Opus Building Spec Industrial Project in Northeast Minneapolis
The Minnetonka-based Opus Group has broken ground on a rarely seen type of project: a new industrial building inside the city limits of Minneapolis.
Opus has started construction on the 130,440-square-foot project at University Avenue and 37th Avenue NE in Northeast Minneapolis. Opus has dubbed the project the Nordeast Business Center; “Nordeast” is long-standing local slang to refer to Northeast Minneapolis. The developer is pushing ahead on a speculative basis – “spec” in industry shorthand – with no signed leases in place.
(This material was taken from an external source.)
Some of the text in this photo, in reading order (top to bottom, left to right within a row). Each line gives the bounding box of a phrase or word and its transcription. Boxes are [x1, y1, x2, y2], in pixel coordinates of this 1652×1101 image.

Joe Mahoney, director of real estate development at Opus, said that once the company began working on the entitlement process with Minneapolis city planners, they noted the unusual nature of the project.
“They couldn’t recall an industrial project, a speculative one, that had been done in last couple of decades,” said Mahoney. “There aren’t many sites like this. It’s a very unique urban infill site.”
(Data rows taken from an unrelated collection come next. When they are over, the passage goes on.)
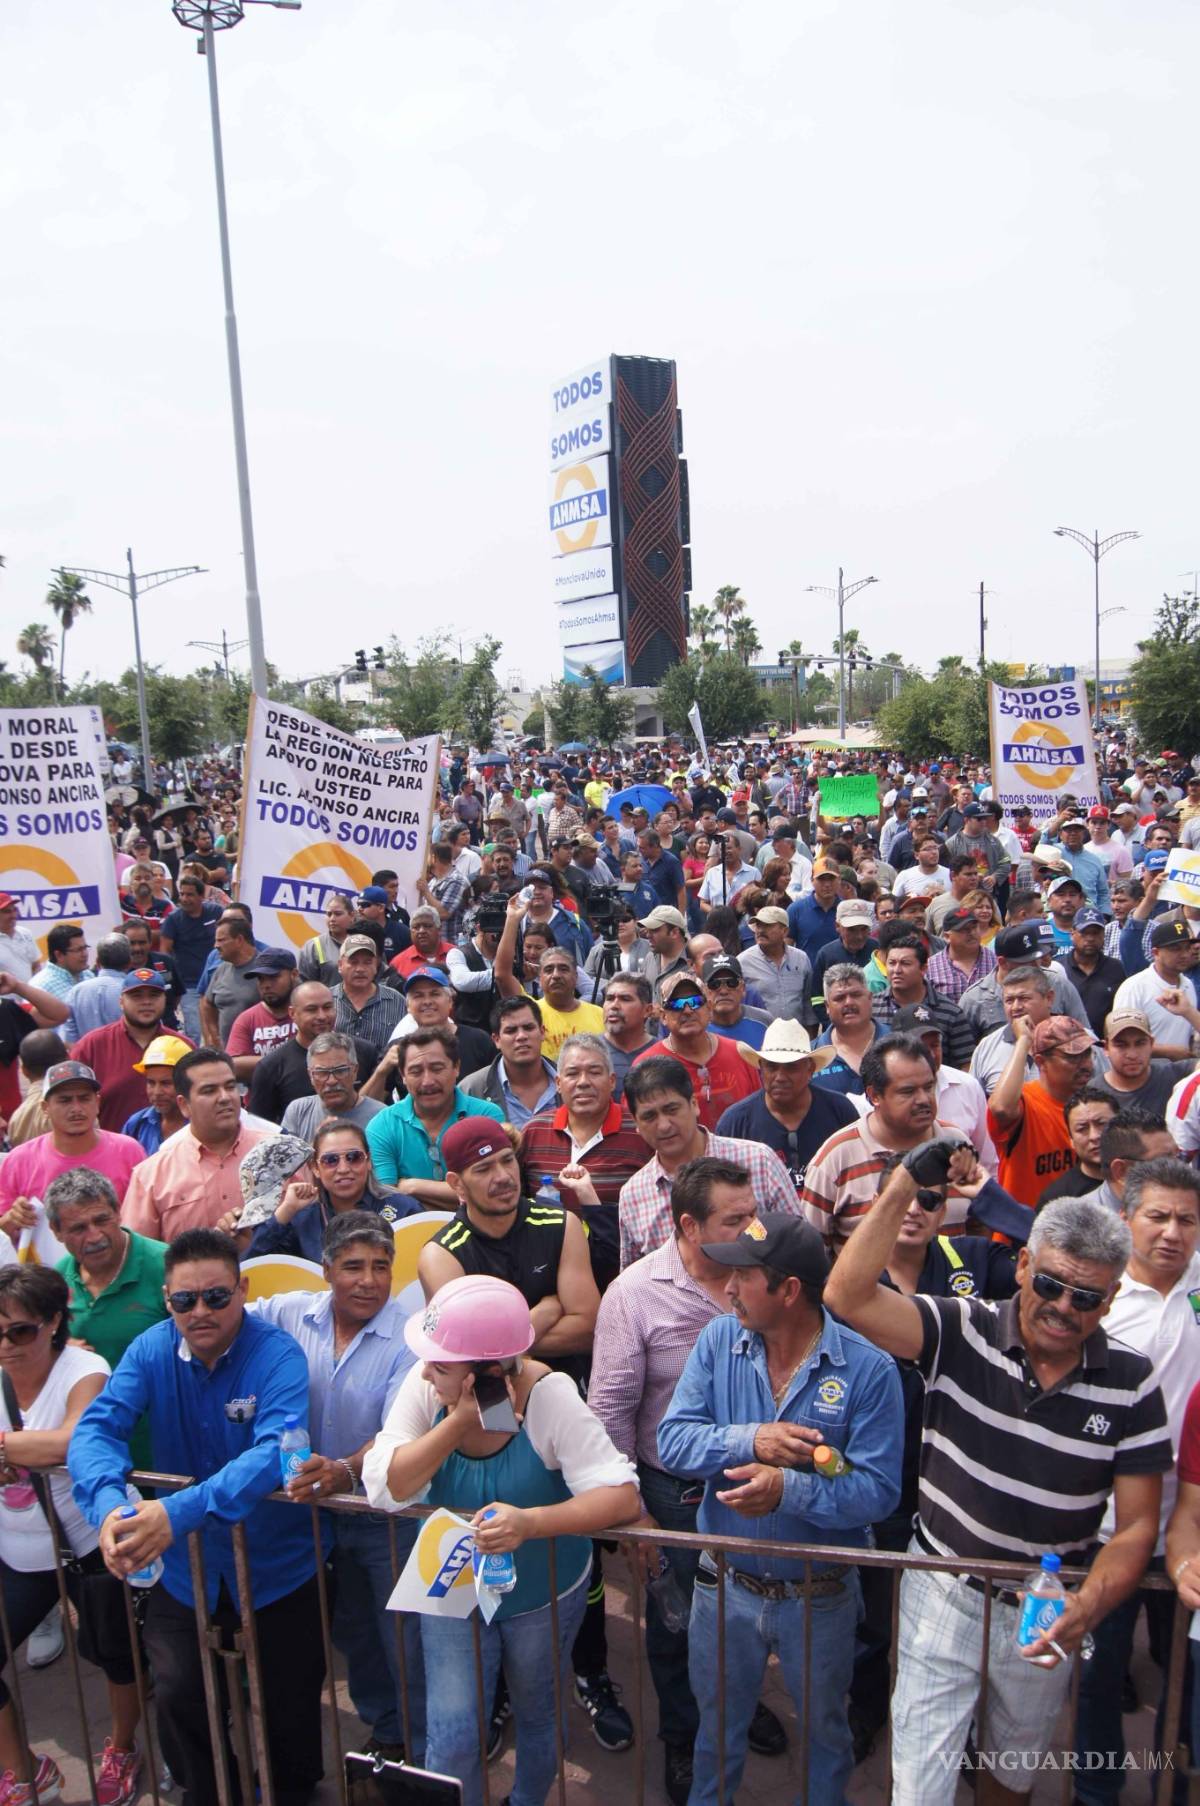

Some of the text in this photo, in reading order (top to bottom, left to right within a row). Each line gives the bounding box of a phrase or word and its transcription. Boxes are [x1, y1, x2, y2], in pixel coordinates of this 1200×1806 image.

[553, 371, 603, 413] TODOS
[551, 419, 603, 459] SOMOS
[553, 494, 602, 528] AHMSA
[998, 686, 1076, 705] TODOS
[1000, 702, 1081, 720] SOMOS
[8, 717, 78, 736] MORAL
[267, 710, 321, 737] DESDE
[11, 740, 78, 759] DESDE
[265, 725, 428, 773] LA REGION NUESTRO
[1008, 746, 1077, 764] AHMSA
[48, 761, 95, 781] PARA
[266, 744, 423, 791] APOYO MORAL PARA
[48, 784, 99, 804] ANCIRA
[315, 778, 371, 801] USTED
[999, 794, 1025, 805] TODOS
[1026, 794, 1053, 805] SOMOS
[259, 779, 420, 825] LIC. ALONSO ANCIRA
[17, 809, 103, 836] SOMOS
[256, 799, 418, 852] TODOS SOMOS
[1174, 923, 1184, 935] P
[253, 1023, 290, 1041] AERO
The site has been vacant for several decades. Mahoney said that Cargill once had a linseed oil facility on the site, but that was demolished in the early 1980s. Opus acquired the land from Hennepin County and Canadian Pacific; there were rail spurs on the site.
The pandemic has helped create a booming market for industrial properties. As online shopping continues to grow, companies increasingly need more warehouse and distribution spaces to fuel their e-commerce operations.
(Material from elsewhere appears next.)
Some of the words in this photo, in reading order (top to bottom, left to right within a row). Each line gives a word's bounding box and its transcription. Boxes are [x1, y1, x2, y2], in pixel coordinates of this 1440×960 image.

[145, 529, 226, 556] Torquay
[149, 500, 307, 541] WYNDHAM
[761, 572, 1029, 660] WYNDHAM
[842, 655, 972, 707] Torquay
“It remains very strong,” said Mahoney of the current state of the industrial property market. “We’ve had a lot of good interest so far.”
Opus just completed a 130,000-square-foot industrial project in Eden Prairie. Last week the company closed on a site in Blaine where it plans to build the Sanctuary Business Center, a 137,000-square-foot industrial project.
Mahoney said that the Minneapolis site has some environmental contamination due to its history of having a linseed oil facility on the property. The Minnesota Department of Employment and Economic Development, the Metropolitan Council and Hennepin County kicked in approximately $683,000 in combined cleanup funds for the site.
Mahoney said that the Opus project will both generate new taxes and bring jobs to the site.
“It’s been a vacant site that hasn’t been on the tax rolls,” said Mahoney.